[[ Records provided open ]]

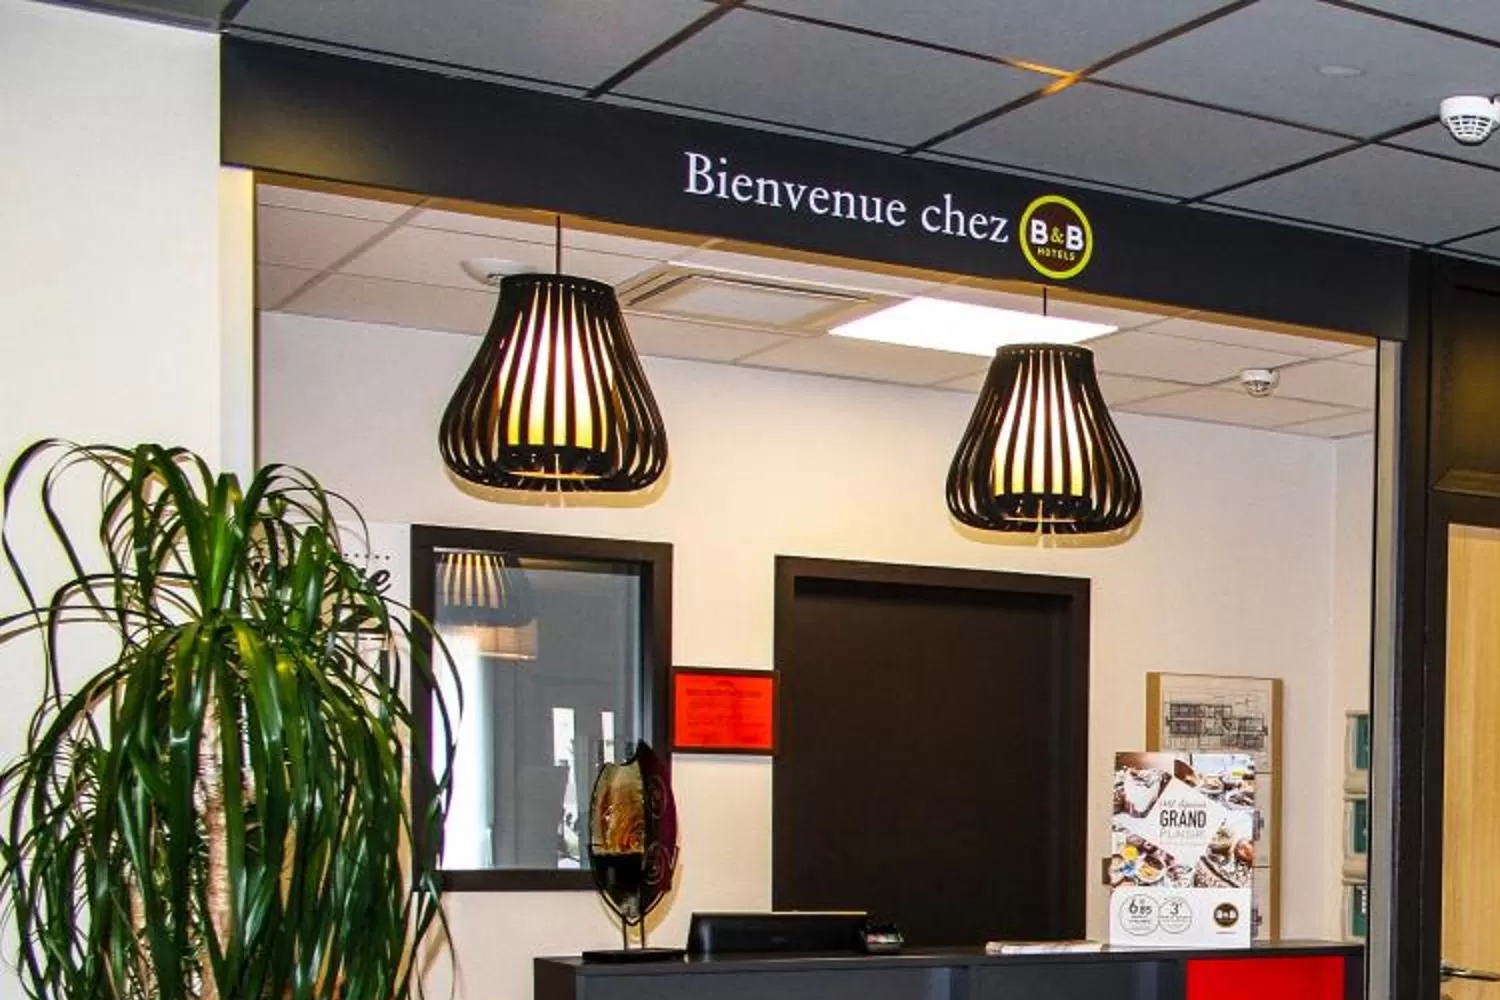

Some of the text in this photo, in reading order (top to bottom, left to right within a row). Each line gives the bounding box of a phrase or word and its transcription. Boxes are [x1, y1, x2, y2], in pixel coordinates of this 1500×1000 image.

[684, 151, 1009, 243] Bienvenue chez
[1031, 219, 1084, 251] B&B
[1037, 247, 1076, 261] HOTELS
[1160, 809, 1207, 829] GRAND
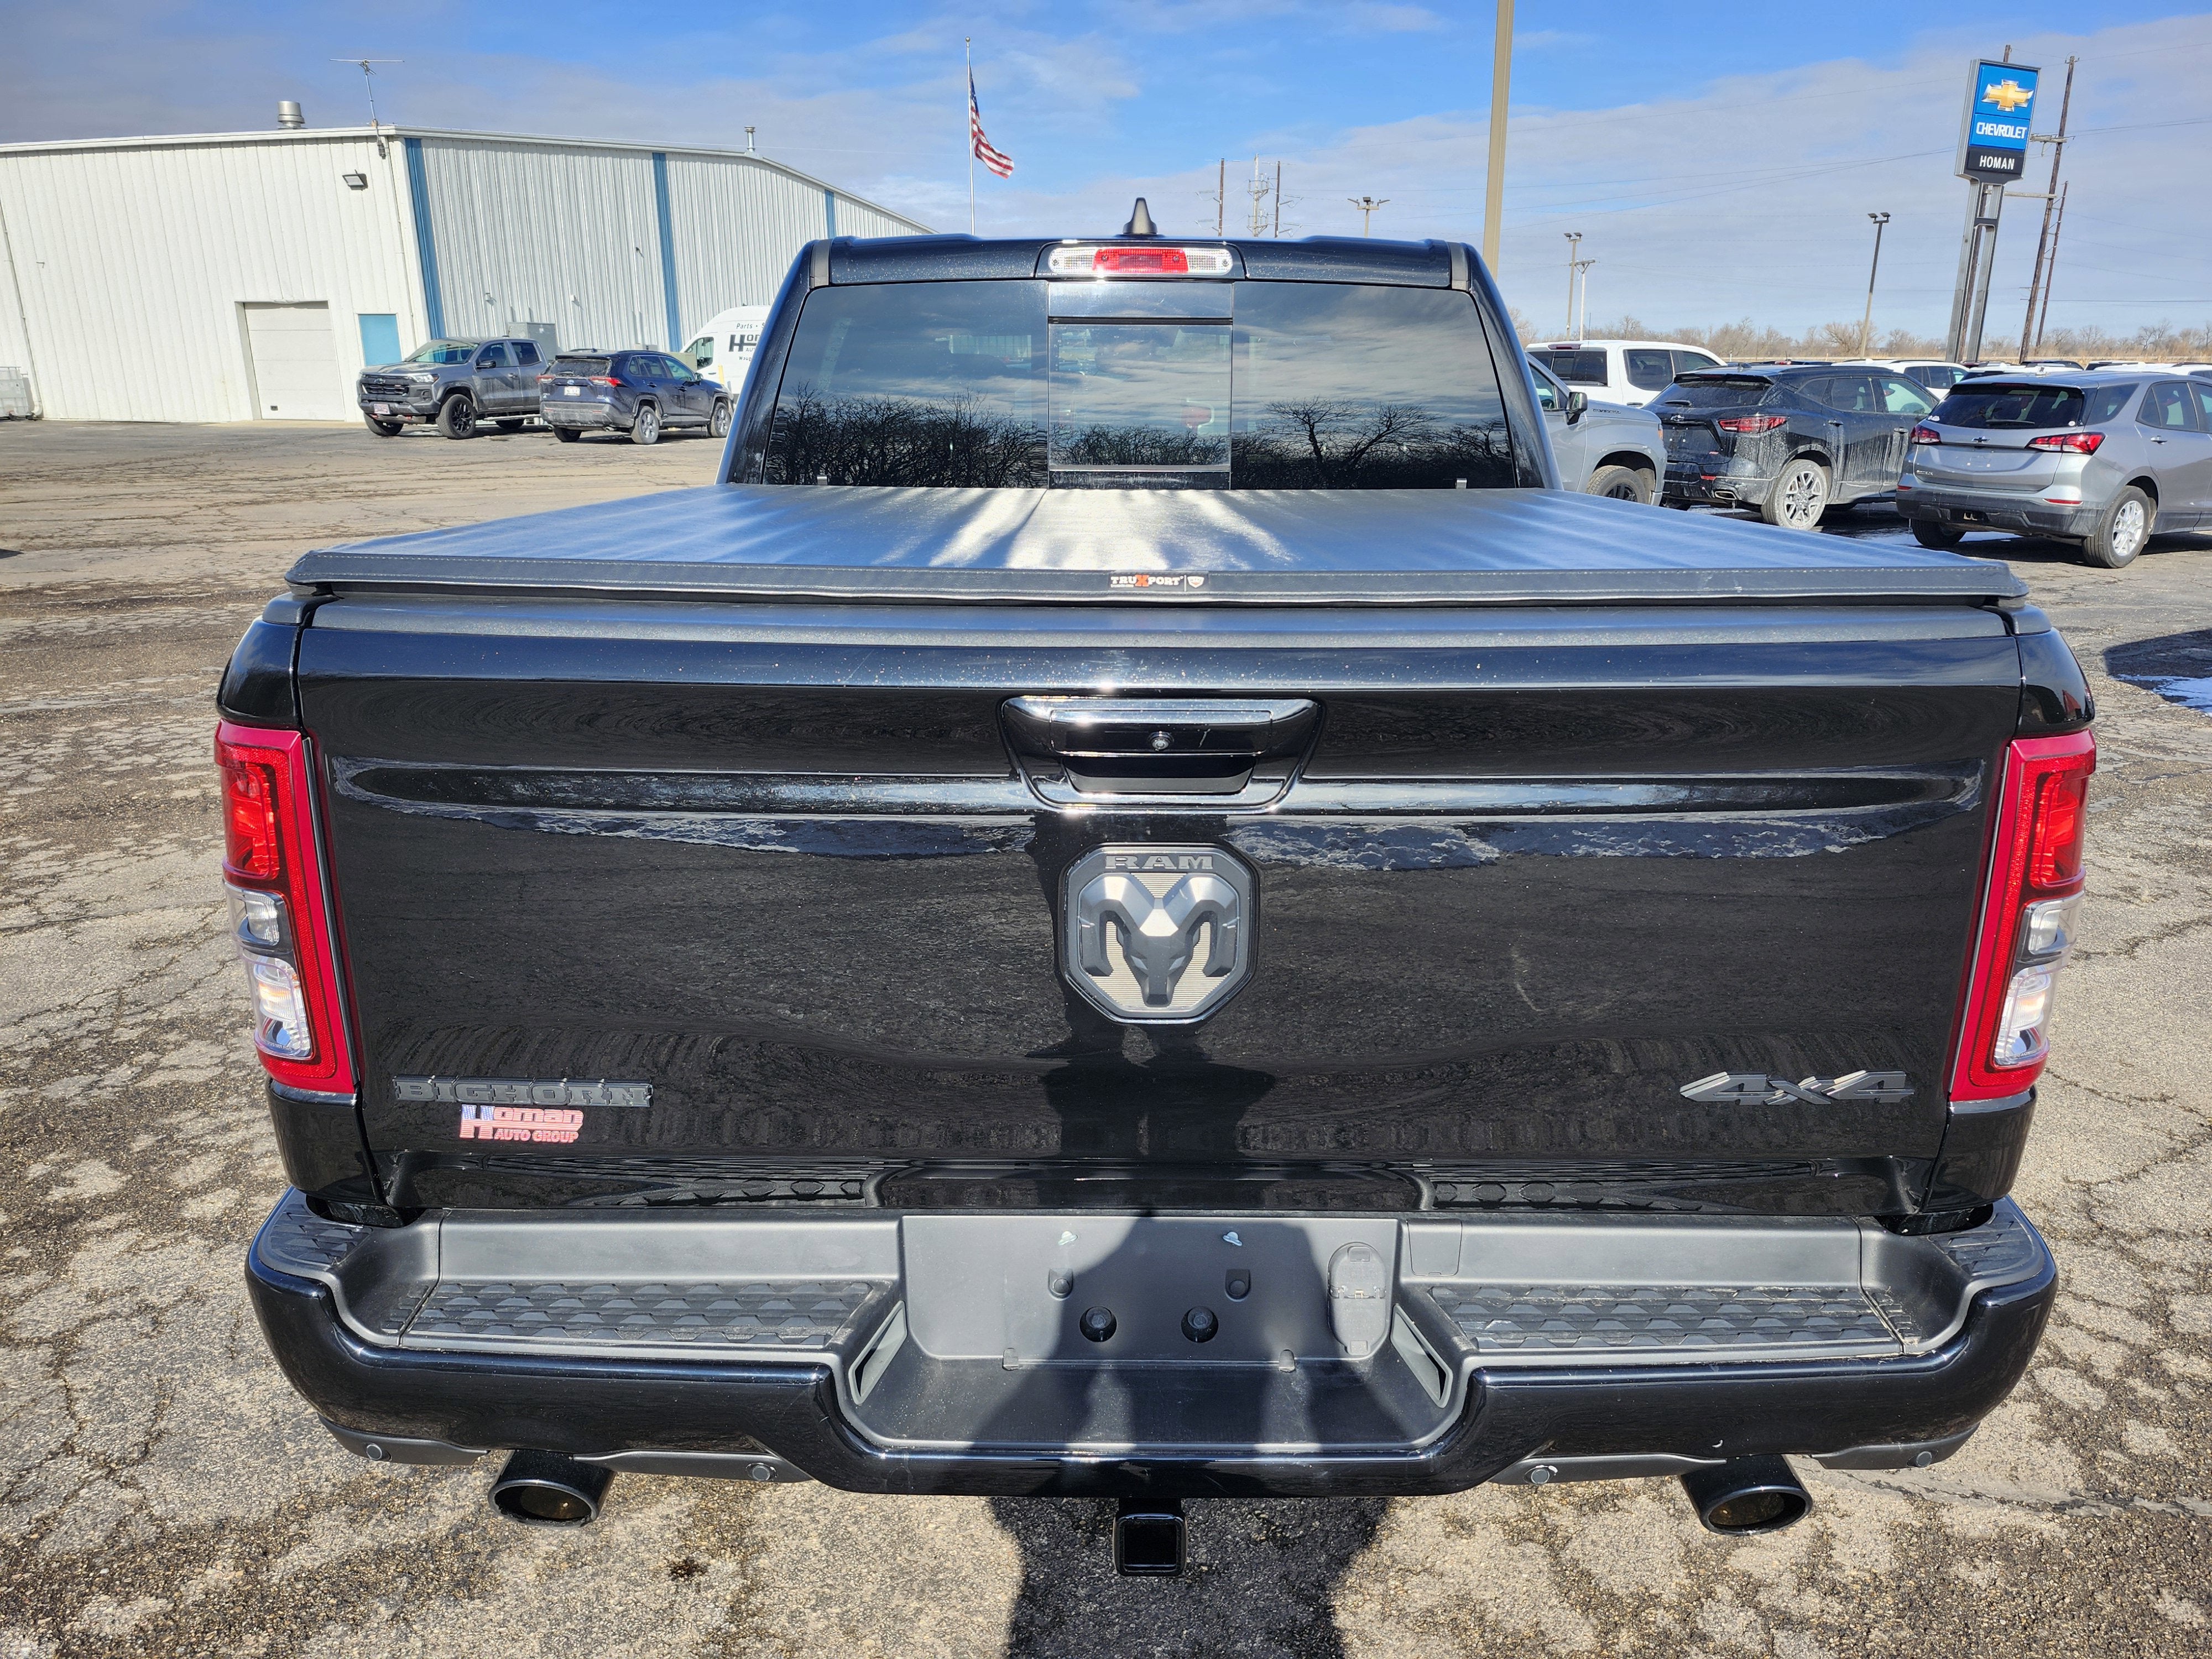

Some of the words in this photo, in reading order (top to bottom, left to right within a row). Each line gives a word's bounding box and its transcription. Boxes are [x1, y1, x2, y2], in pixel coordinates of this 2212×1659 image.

[1976, 121, 2028, 139] CHEVROLET
[1979, 155, 2015, 170] HOMAN
[1110, 575, 1180, 587] TRUXPORT
[1105, 855, 1214, 869] RAM
[494, 1127, 531, 1141] AUTO
[532, 1129, 579, 1143] GROUP
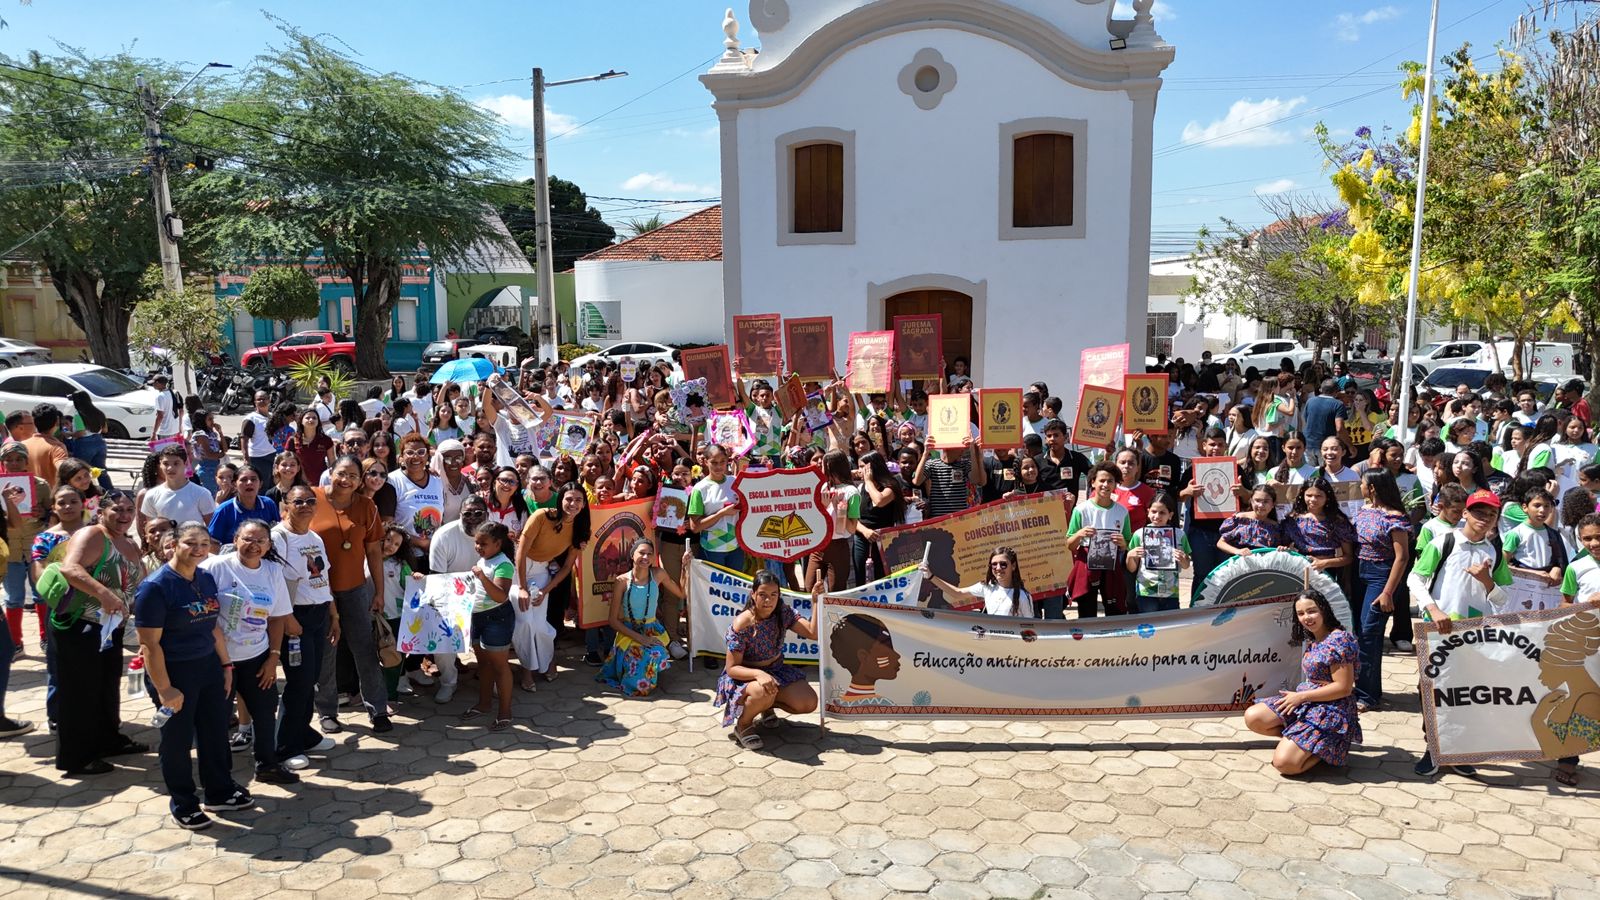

[[ Records provided closed ]]

Directions for this task
Please restate the data word for word, leaving out any picture it holds.

Answer box
Some of the text in this photo, in reading order (top to bottom, left to right within a row). Each line gives the bounding box of a phrase or word and its transcription. Boxes are [x1, y1, x2, y2], in pixel coordinates of this 1500×1000 image.

[684, 151, 1009, 243] Bienvenue chez
[1031, 219, 1084, 251] B&B
[1037, 247, 1076, 261] HOTELS
[1160, 809, 1207, 829] GRAND

Some of the words in this photo, in reading order (top to bottom, left to right within a row). Each line gives a word's bounding box and its transcription. Boxes are [x1, y1, x2, y2], in pixel coordinates of this 2212×1659 image.

[1976, 121, 2028, 139] CHEVROLET
[1979, 155, 2015, 170] HOMAN
[1110, 575, 1180, 587] TRUXPORT
[1105, 855, 1214, 869] RAM
[494, 1127, 531, 1141] AUTO
[532, 1129, 579, 1143] GROUP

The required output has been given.